> _Dataset_:
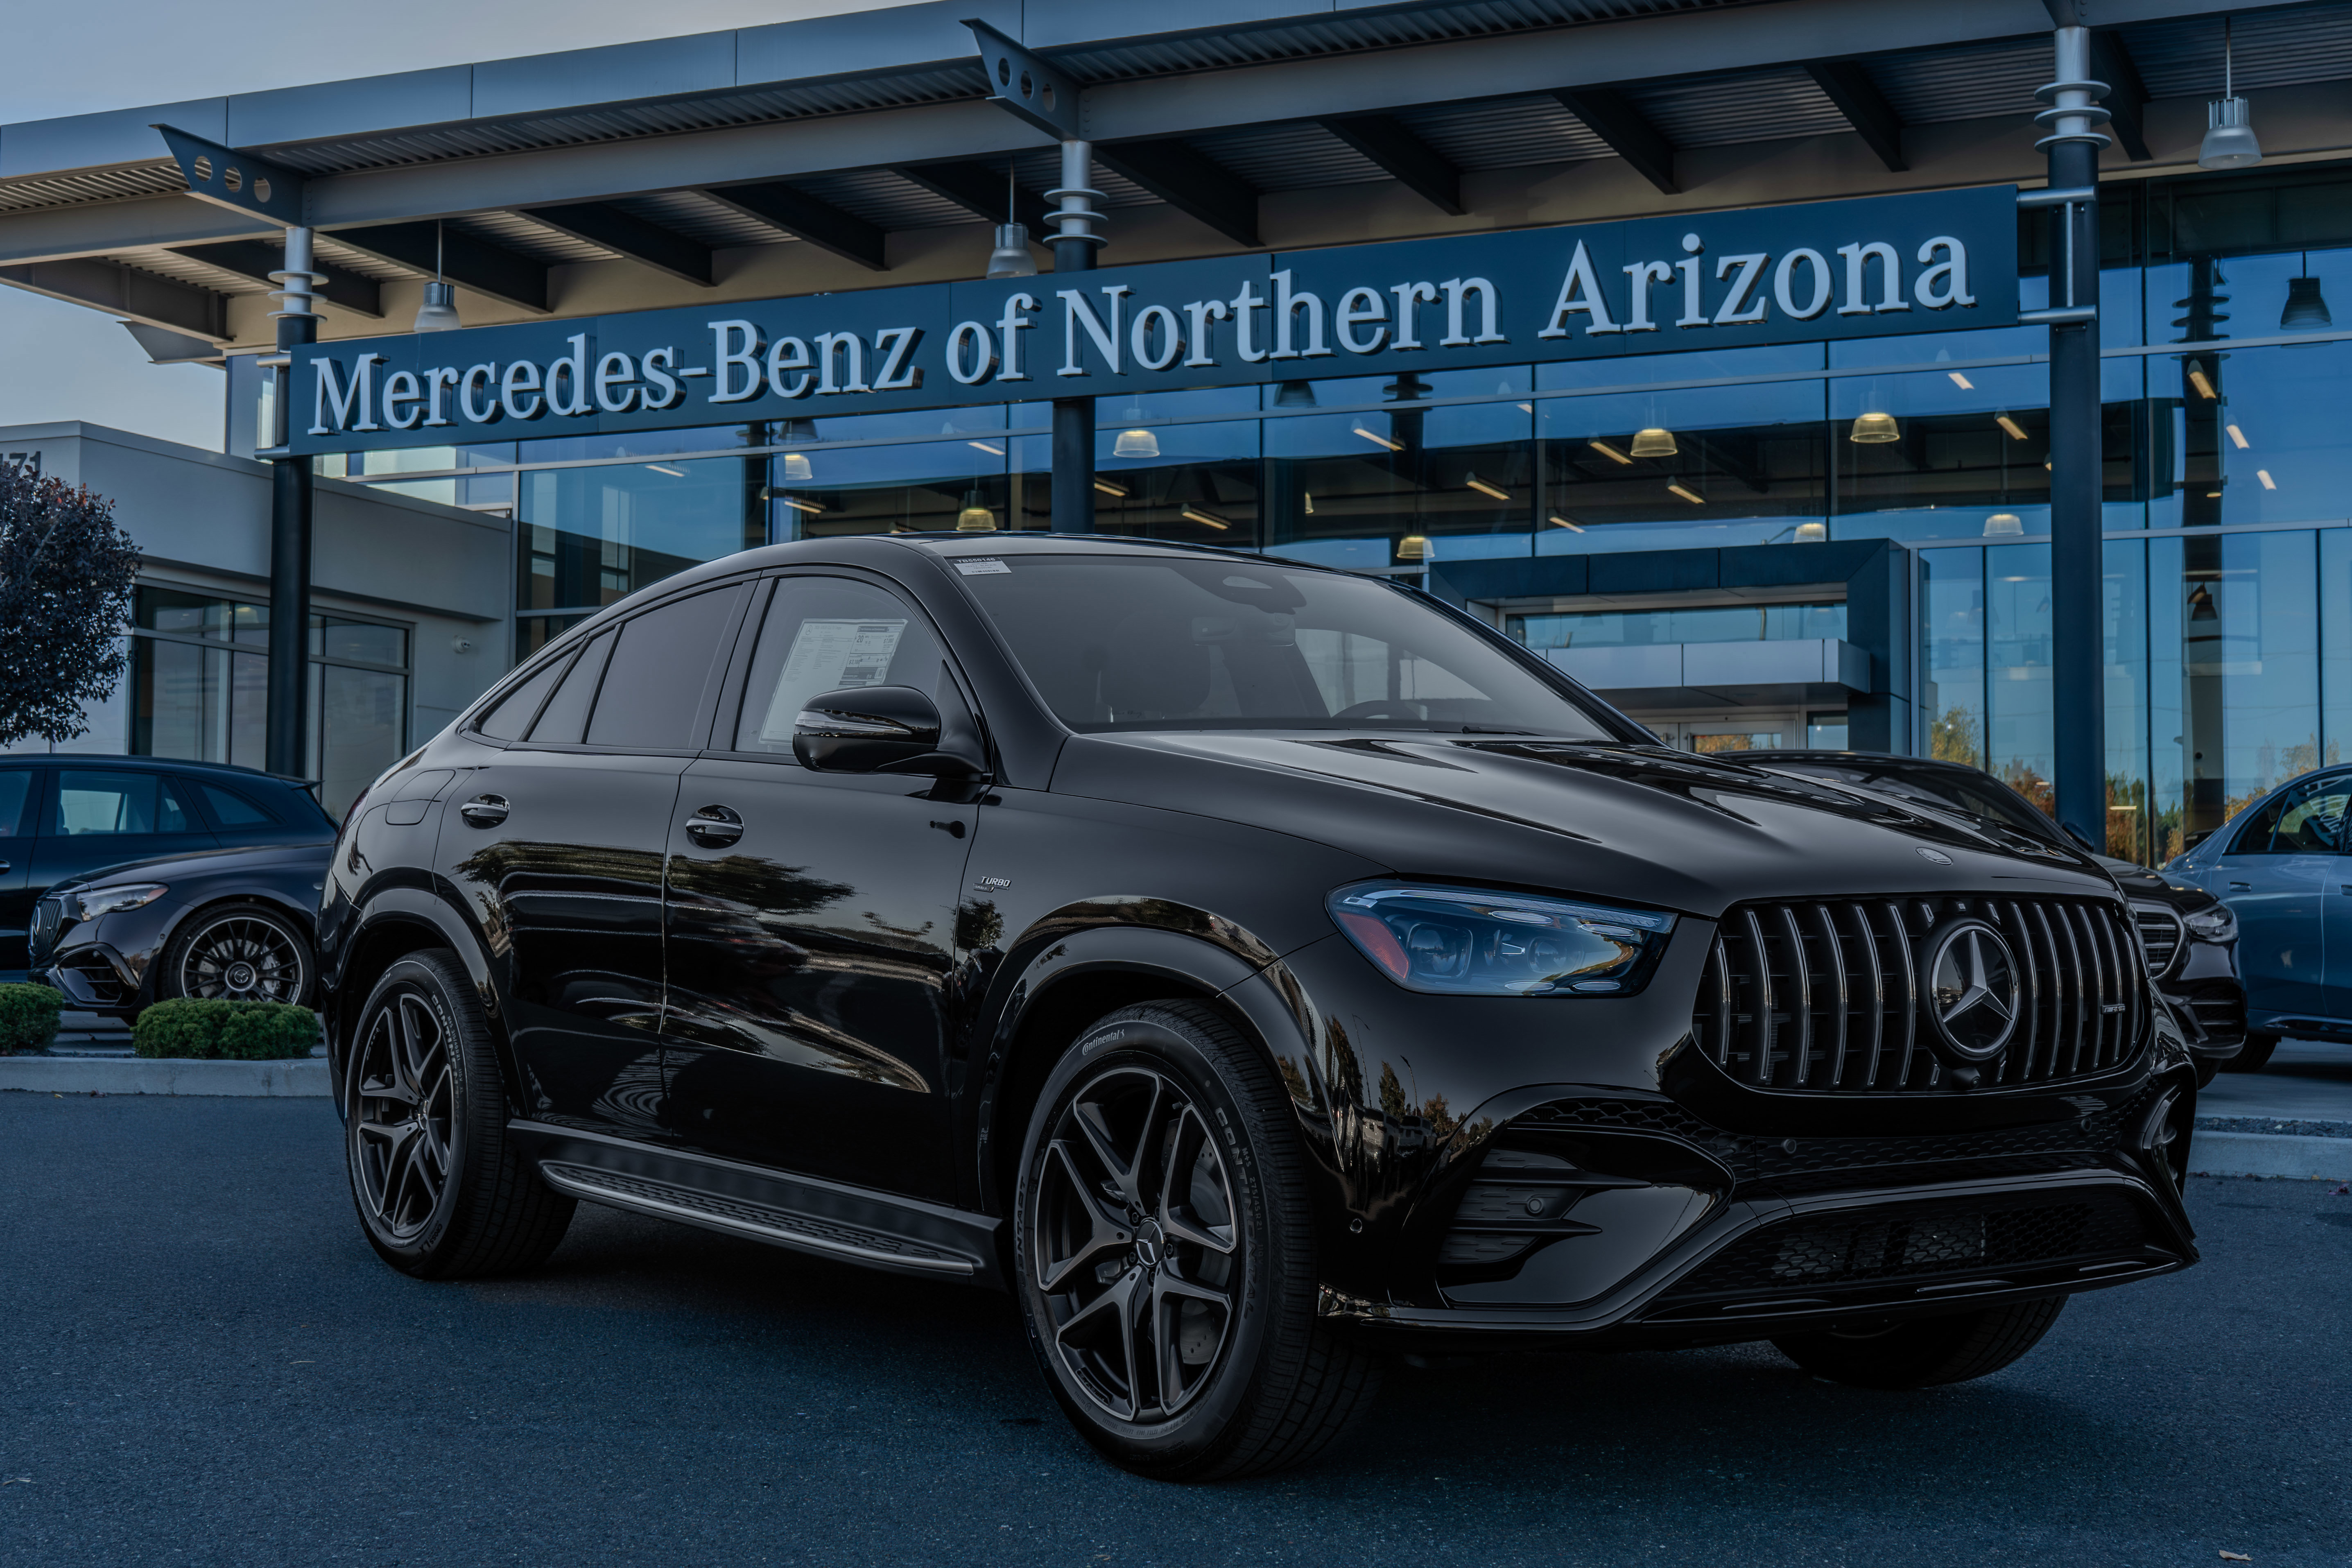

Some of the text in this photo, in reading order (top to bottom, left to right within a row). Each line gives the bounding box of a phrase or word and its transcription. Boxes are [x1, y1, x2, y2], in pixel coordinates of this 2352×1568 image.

[308, 234, 1975, 435] Mercedes-Benz of Northern Arizona
[0, 451, 41, 482] 71
[981, 876, 1011, 887] TURBO
[1082, 1029, 1120, 1056] Continental
[1242, 1147, 1252, 1167] M+S
[1215, 1107, 1257, 1319] CONTINENTAL

> _Task requirements_: Every record is to be restated word for word, with the pictures left out.

> _Expected answer_:
Some of the text in this photo, in reading order (top to bottom, left to right within a row). Each line gives the bounding box of a phrase or word and its transcription. Boxes are [x1, y1, x2, y2], in pixel coordinates of this 2352×1568 image.

[308, 234, 1975, 435] Mercedes-Benz of Northern Arizona
[0, 451, 41, 482] 71
[981, 876, 1011, 887] TURBO
[1082, 1029, 1120, 1056] Continental
[1242, 1147, 1252, 1167] M+S
[1215, 1107, 1257, 1319] CONTINENTAL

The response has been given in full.